Projet de recherche d’Alessandro Gallicchio lauréat André Chastel

Alessandro Gallicchio est professeur d’histoire de l’art contemporain à l’École supérieure des beaux-arts de Nîmes et membre associé du laboratoire TELEMMe (AMU-CNRS). Il est nommé lauréat André Chastel pour un projet de recherche intitulé  Le Pavillon Albanie de la Prima Mostra Triennale delle Terre d’Oltremare à Naples (1940). Traces d’un dispositif de « colonialité » fasciste.

Cette recherche vise à étudier l’ensemble des biens matériels exposés dans le Pavillon Albanie, bâti par les architectes Gherardo Bosio et Pier Niccolò Berardi à l’occasion de la Prima Mostra Triennale delle Terre d’Oltremare de 1940.
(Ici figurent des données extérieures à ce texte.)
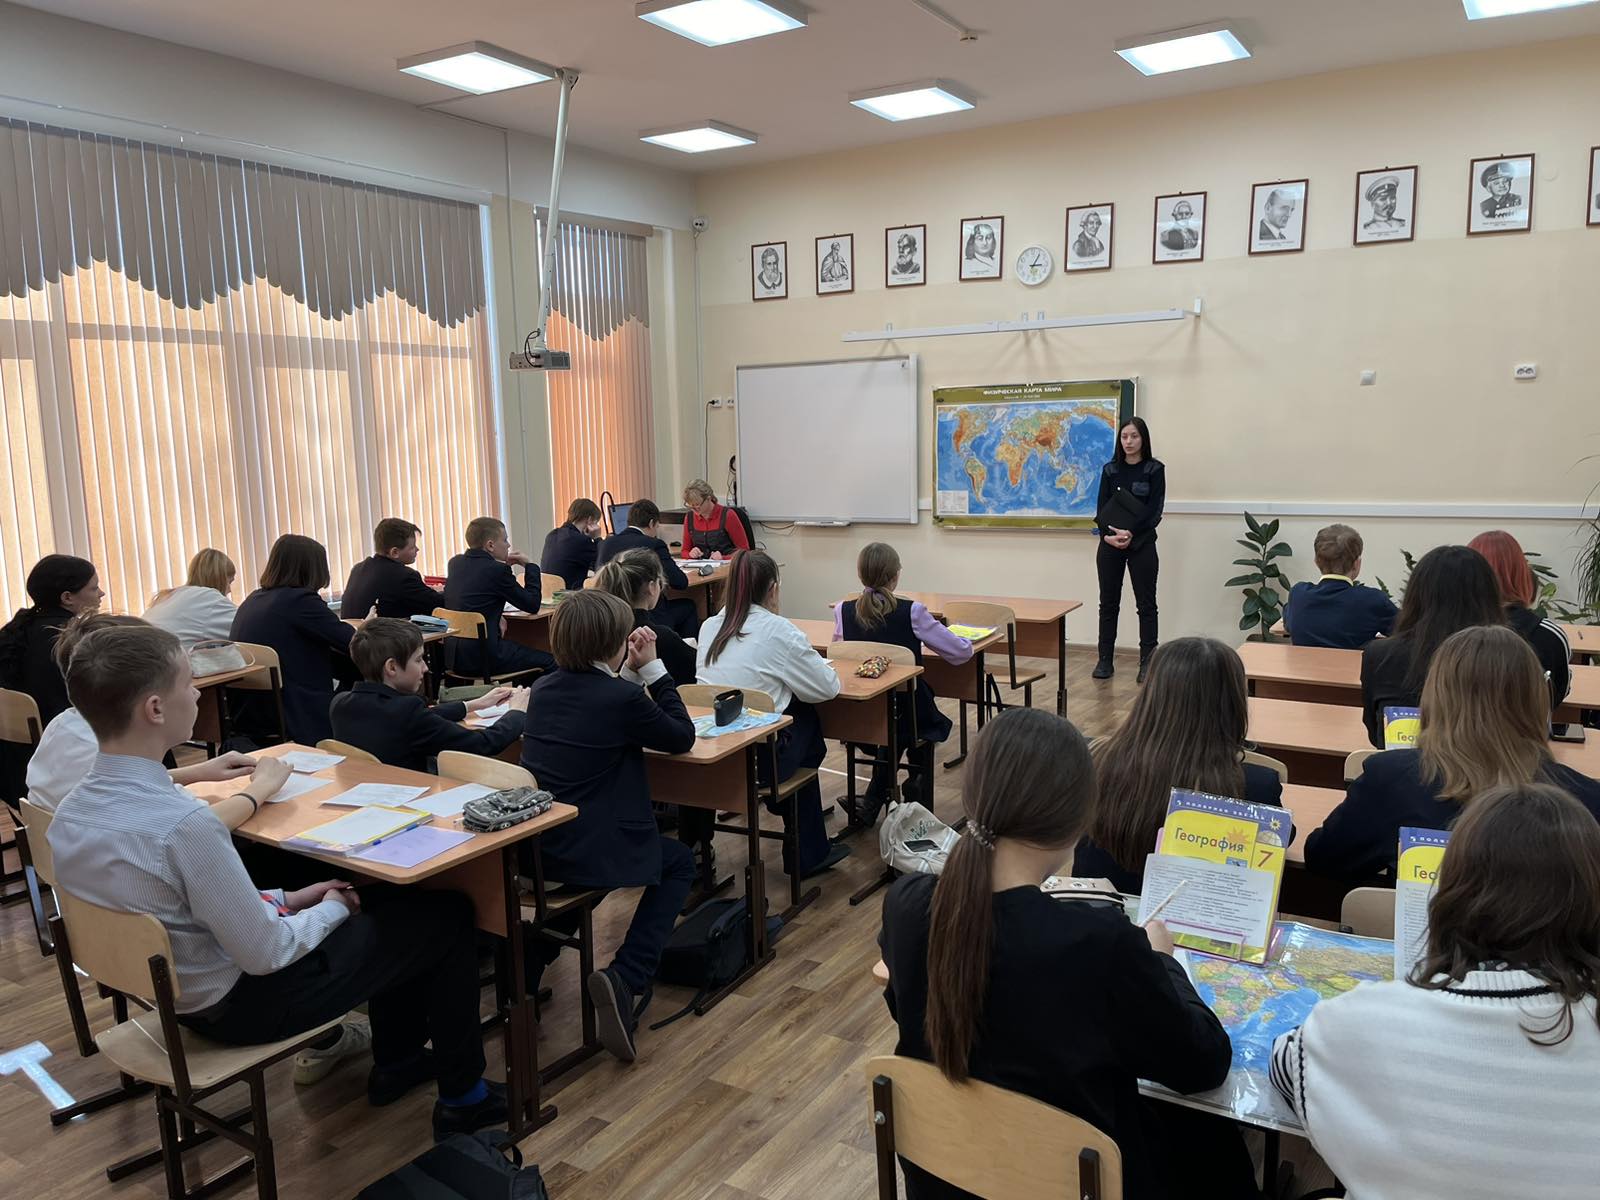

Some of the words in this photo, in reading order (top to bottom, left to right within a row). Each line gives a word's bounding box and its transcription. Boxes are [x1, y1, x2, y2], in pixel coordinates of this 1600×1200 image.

[1397, 731, 1415, 742] Гео
[1174, 827, 1245, 853] География
[1257, 850, 1274, 868] 7
[1414, 865, 1438, 880] Гео
Organisée à Naples dans le contexte des revendications expansionnistes du régime fasciste italien, cette exposition avait pour but de promouvoir un discours idéologique en faveur de l’occupation coloniale, et prétendait justifier l’annexion territoriale de l’Albanie à l’aide de concepts filiatifs tels que la « latinité » et la « romanité ».
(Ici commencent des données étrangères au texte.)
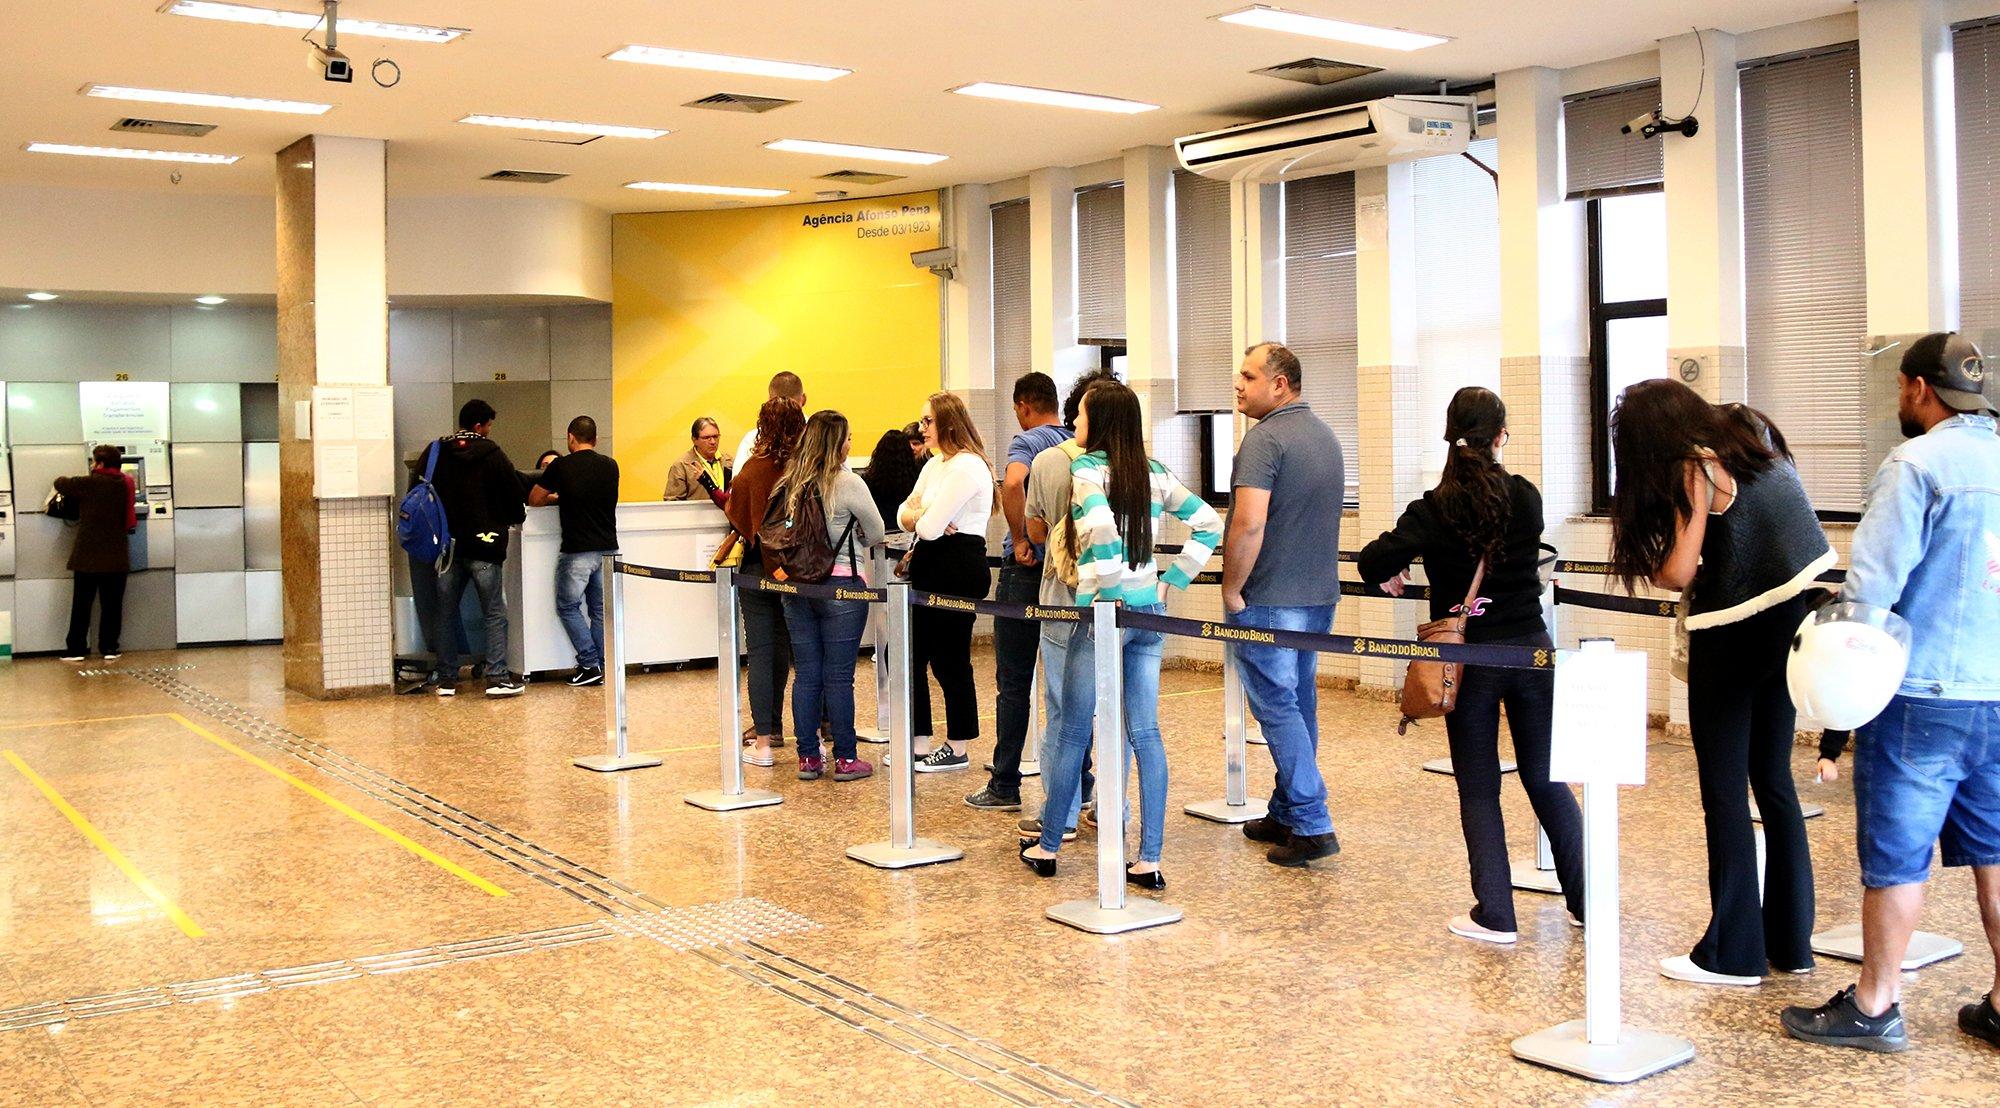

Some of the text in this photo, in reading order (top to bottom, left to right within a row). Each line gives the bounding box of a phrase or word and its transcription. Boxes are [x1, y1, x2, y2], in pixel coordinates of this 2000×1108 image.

[802, 205, 930, 228] Agência Afonso Pena
[857, 220, 931, 239] Desde 03/1923
[116, 373, 129, 381] 26
[494, 372, 506, 381] 28
[1034, 607, 1053, 619] BANCO
[1061, 609, 1081, 620] BRASIL
[1214, 625, 1275, 643] BANCO DO BRASIL
[1368, 640, 1441, 658] BANCO DO BRASIL
Cet événement, et toutes les productions artistiques conçues pour le dispositif de monstration colonial (les œuvres de Primo Conti, de Gianni Vagnetti, de Bruno Innocenti et de Mario Romoli, le reportage photographique de Giuseppe Massani et les découvertes archéologiques de Luigi Maria Ugolini), soulèvent des questions centrales pour l’histoire et le devenir d’un patrimoine qui s’est défini en tant que foncièrement « romain » et qui est aujourd’hui perçu comme « dissonant » ou « difficile » : doit-on réduire, révéler, recycler, censurer, vandaliser, détruire cette architecture ? Peut-on vivre avec ces éléments ? Si oui, comment ? À partir d’une étude sémiologique du complexe architectural, la recherche tente de répondre à ces questions en interrogeant également les processus (aboutis ou pas) de restitution des objets dérobés à l’Albanie pour la décoration muséographique des salles d’exposition.
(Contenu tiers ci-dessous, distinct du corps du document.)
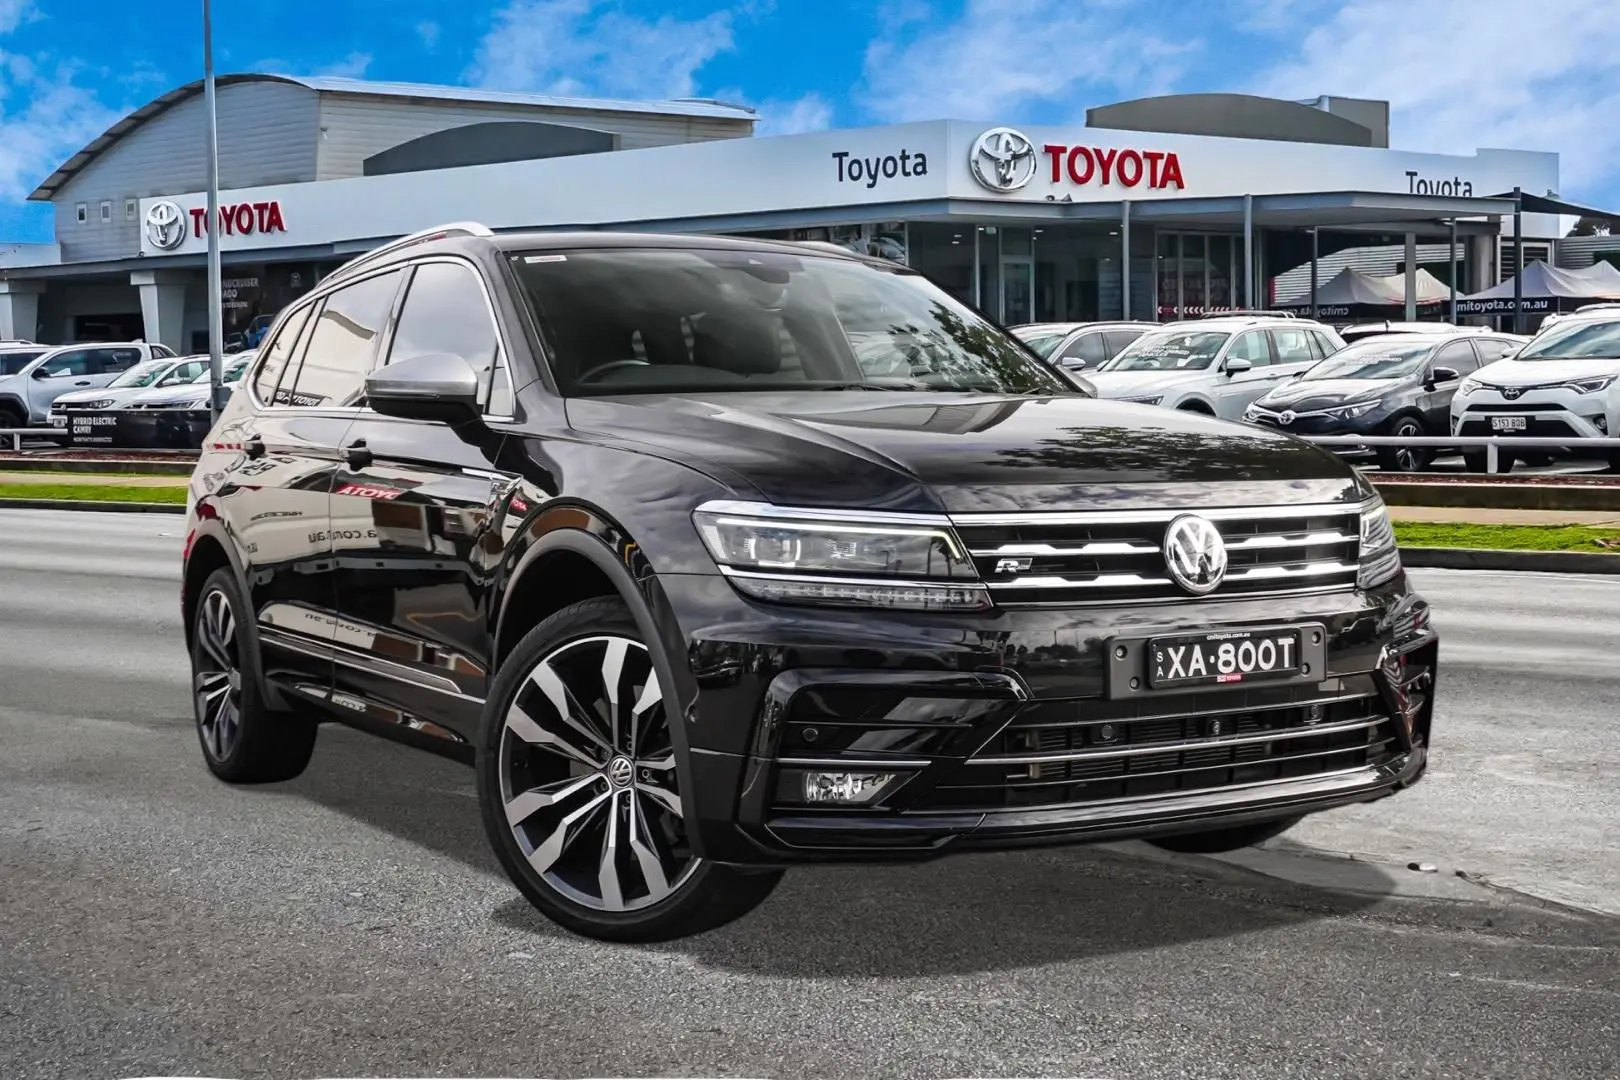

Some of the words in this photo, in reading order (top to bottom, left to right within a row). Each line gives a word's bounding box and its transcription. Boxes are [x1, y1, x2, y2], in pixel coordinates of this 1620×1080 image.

[832, 148, 928, 189] Toyota
[1043, 143, 1185, 189] TOYOTA
[1405, 171, 1473, 197] Toyota
[1456, 300, 1548, 313] mitoyota.cm.au
En parallèle, dans la perspective d’une commande à un artiste contemporain pour la réalisation d’une intervention sur – ou à partir de – ces traces du passé totalitaire, un projet d’exposition est en cours d’élaboration. Ce volet plus expérimental permet non seulement de déconstruire la rhétorique coloniale du fascisme, mais aussi de repenser ou de réutiliser ces espaces, laissés aujourd’hui à l’abandon.